**THE PROBLEM**
Return, word for word, every entry in the listing below, but not its images.

**EXTRACTED DATA**
※
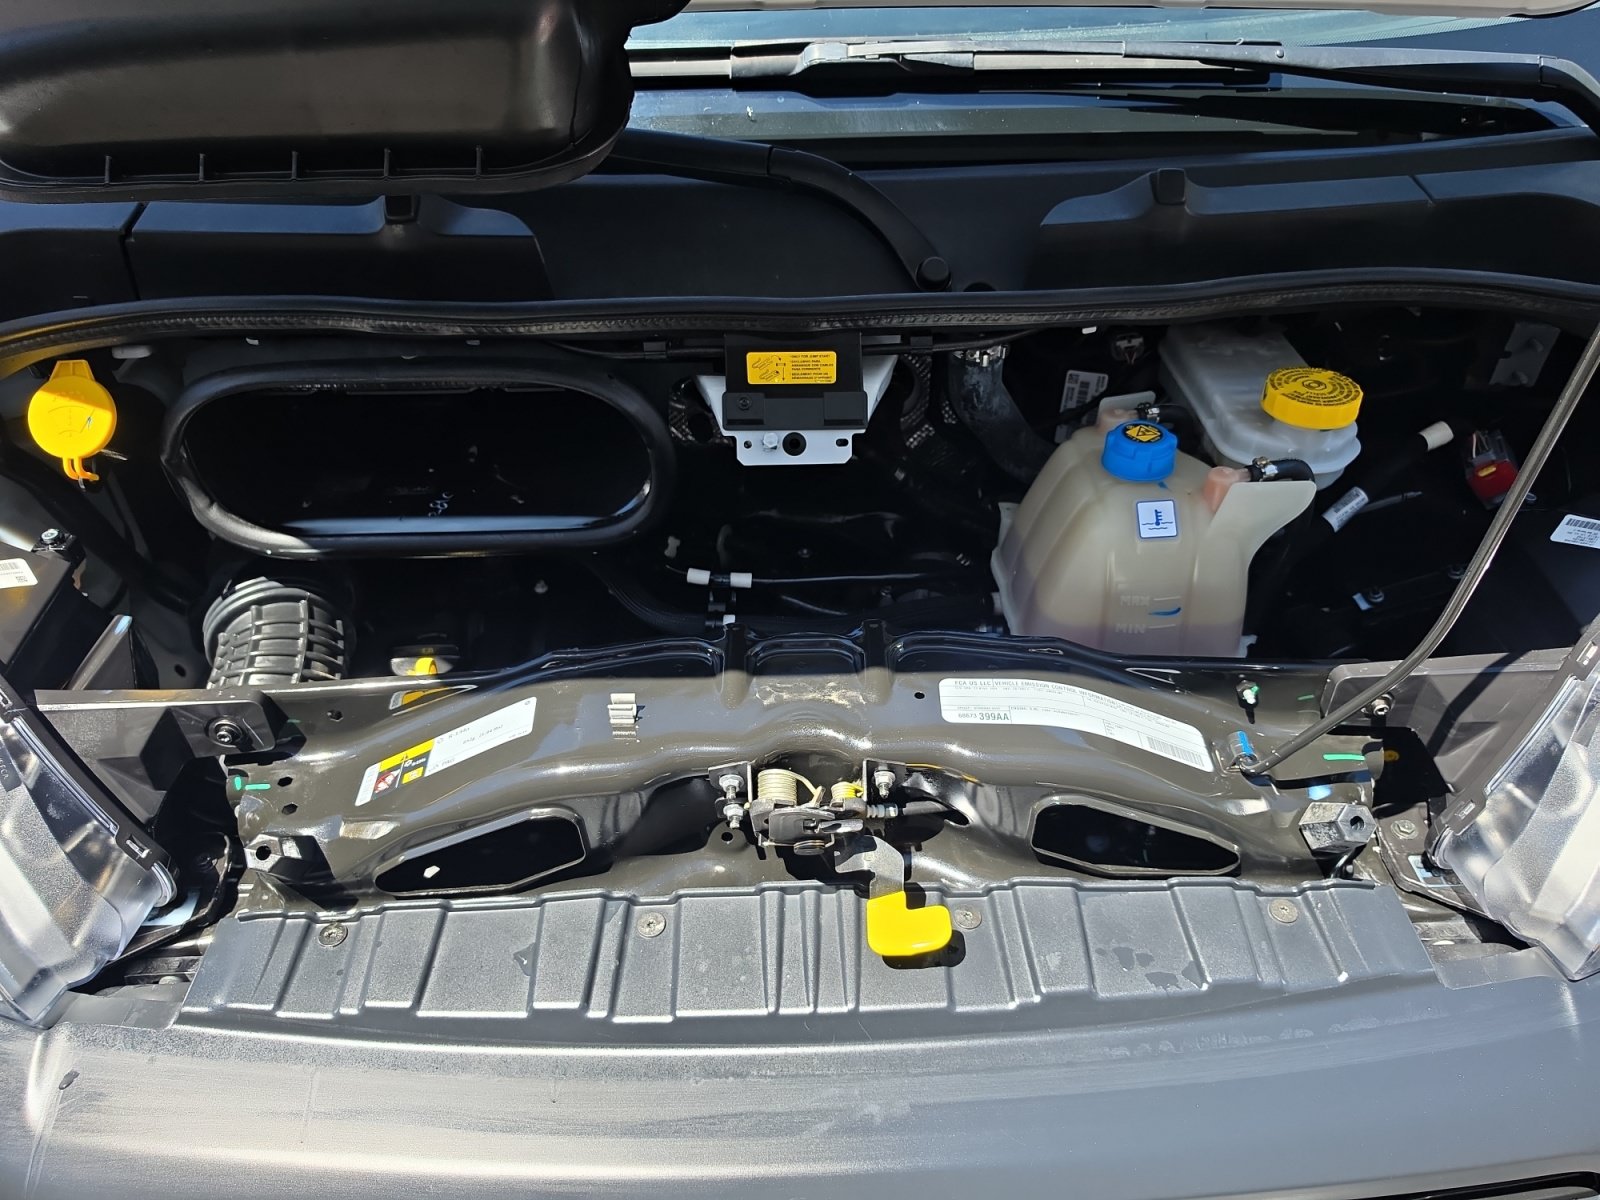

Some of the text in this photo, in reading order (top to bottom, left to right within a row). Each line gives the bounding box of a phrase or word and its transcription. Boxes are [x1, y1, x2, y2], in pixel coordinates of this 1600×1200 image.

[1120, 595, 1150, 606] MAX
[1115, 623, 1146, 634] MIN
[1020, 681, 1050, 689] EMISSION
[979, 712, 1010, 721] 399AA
※
**SOLUTION FOR THIS PROBLEM**
Some of the text in this photo, in reading order (top to bottom, left to right within a row). Each line gives the bounding box of a phrase or word and its transcription. Boxes are [x1, y1, x2, y2], in pixel coordinates of this 1600×1200 image.

[1120, 595, 1150, 606] MAX
[1115, 623, 1146, 634] MIN
[1020, 681, 1050, 689] EMISSION
[979, 712, 1010, 721] 399AA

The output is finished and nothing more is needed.